Voluntary filtering on track for mid-2011


Stephen Conroy’s Department of Broadband, Communications and the Digital Economy tonight said voluntary filtering of the internet for child abuse material by three of Australia’s largest internet service providers was on track to kick off in the middle of this year.

In July last year, Telstra, Optus and Primus revealed they had agreed with the Federal Labor Government that they would voluntarily implement filtering technology to block any of their customers from accessing child pornography online, while the Government conducted a review into the Refused Classification category of content which its much broader mandatory filter project would block.

Tonight, DBCDE deputy secretary for its Digital Economy & Service Group, Abdul Rizvi, told a Senate Estimates Committee hearing the voluntary filtering was slated to kick off in mid-2011.

The Australian Communications and Media Authority was currently developing a subset of internet addresses which would only include child abuse content, he said, and was trialling a “secure method” of transmitting that list to ISPs in the near future. A list which bore some resemblance to what ACMA’s wider list of banned addresses was circulated online in March 2009.

Rizvi said the department would be remaining closely in touch with the ISPs during the process, but confirmed it wasn’t conducting any extra specific efforts regarding the filter project — although it continued to “monitor development in filtering technology around the globe”.

Several ISPs — notably iiNet, Internode and mobile telco VHA — have declined to immediately join the trial.

However, Rizvi said the department was in “regular contact” with the Internet Industry Association, which represents the ISPs and many other groups involved in online content delivery and creation.
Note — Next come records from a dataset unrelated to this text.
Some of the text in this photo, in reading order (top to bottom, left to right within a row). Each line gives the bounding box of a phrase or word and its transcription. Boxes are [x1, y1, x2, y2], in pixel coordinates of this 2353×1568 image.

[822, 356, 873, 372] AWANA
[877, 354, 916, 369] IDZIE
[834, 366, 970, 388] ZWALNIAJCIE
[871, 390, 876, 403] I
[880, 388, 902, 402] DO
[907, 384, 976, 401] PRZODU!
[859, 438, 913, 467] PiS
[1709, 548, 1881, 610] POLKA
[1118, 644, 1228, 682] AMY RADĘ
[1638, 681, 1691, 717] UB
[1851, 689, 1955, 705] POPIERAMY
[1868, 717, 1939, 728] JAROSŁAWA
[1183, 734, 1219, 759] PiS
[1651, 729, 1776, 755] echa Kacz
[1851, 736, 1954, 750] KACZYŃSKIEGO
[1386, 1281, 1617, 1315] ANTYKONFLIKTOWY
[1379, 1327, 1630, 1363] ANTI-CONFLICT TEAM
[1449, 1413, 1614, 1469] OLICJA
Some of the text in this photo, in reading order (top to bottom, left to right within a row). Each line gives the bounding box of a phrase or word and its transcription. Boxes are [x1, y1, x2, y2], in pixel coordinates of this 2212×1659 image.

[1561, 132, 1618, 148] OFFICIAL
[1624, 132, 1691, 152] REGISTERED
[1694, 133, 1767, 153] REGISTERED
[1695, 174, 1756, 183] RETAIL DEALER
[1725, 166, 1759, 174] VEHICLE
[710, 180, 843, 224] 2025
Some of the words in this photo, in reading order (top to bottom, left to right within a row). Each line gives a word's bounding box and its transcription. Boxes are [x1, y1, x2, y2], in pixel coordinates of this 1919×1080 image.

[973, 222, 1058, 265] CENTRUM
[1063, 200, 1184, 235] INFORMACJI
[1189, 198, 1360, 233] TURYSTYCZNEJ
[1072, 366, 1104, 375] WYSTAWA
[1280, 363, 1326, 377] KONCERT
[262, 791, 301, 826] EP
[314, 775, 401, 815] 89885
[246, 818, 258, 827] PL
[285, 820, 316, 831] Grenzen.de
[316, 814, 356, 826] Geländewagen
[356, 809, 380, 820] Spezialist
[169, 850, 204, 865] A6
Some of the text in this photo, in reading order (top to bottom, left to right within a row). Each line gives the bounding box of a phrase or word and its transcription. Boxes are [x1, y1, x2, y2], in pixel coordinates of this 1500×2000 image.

The IIA was looking to develop an appropriate child pornography filtering framework which other ISPs would be able to participate in voluntarily, he said.

In response to a question from Greens Communications Spokesperson Scott Ludlam about the future of the voluntary effort, Communications Minister Stephen Conroy said the voluntary filter would utilise all of the transparency measures which he had introduced to the mandatory filter concept — ranging from avenues for appeal of classification decision to the use of a standardised block page notification on prohibited content.

The news comes as many Australians consider the filter project to be dead in the water generally — despite the ongoing nature of Labor’s review into the RC content category, and the fact that both Conroy and Prime Minister Julia Gillard have reiterated that the policy remains active. Both the Coalition and the Greens have indicated their intent to veto any legislation regarding the filter, should Labor introduce it into Parliament — which would ensure its demise, based upon the current make-up of Parliament.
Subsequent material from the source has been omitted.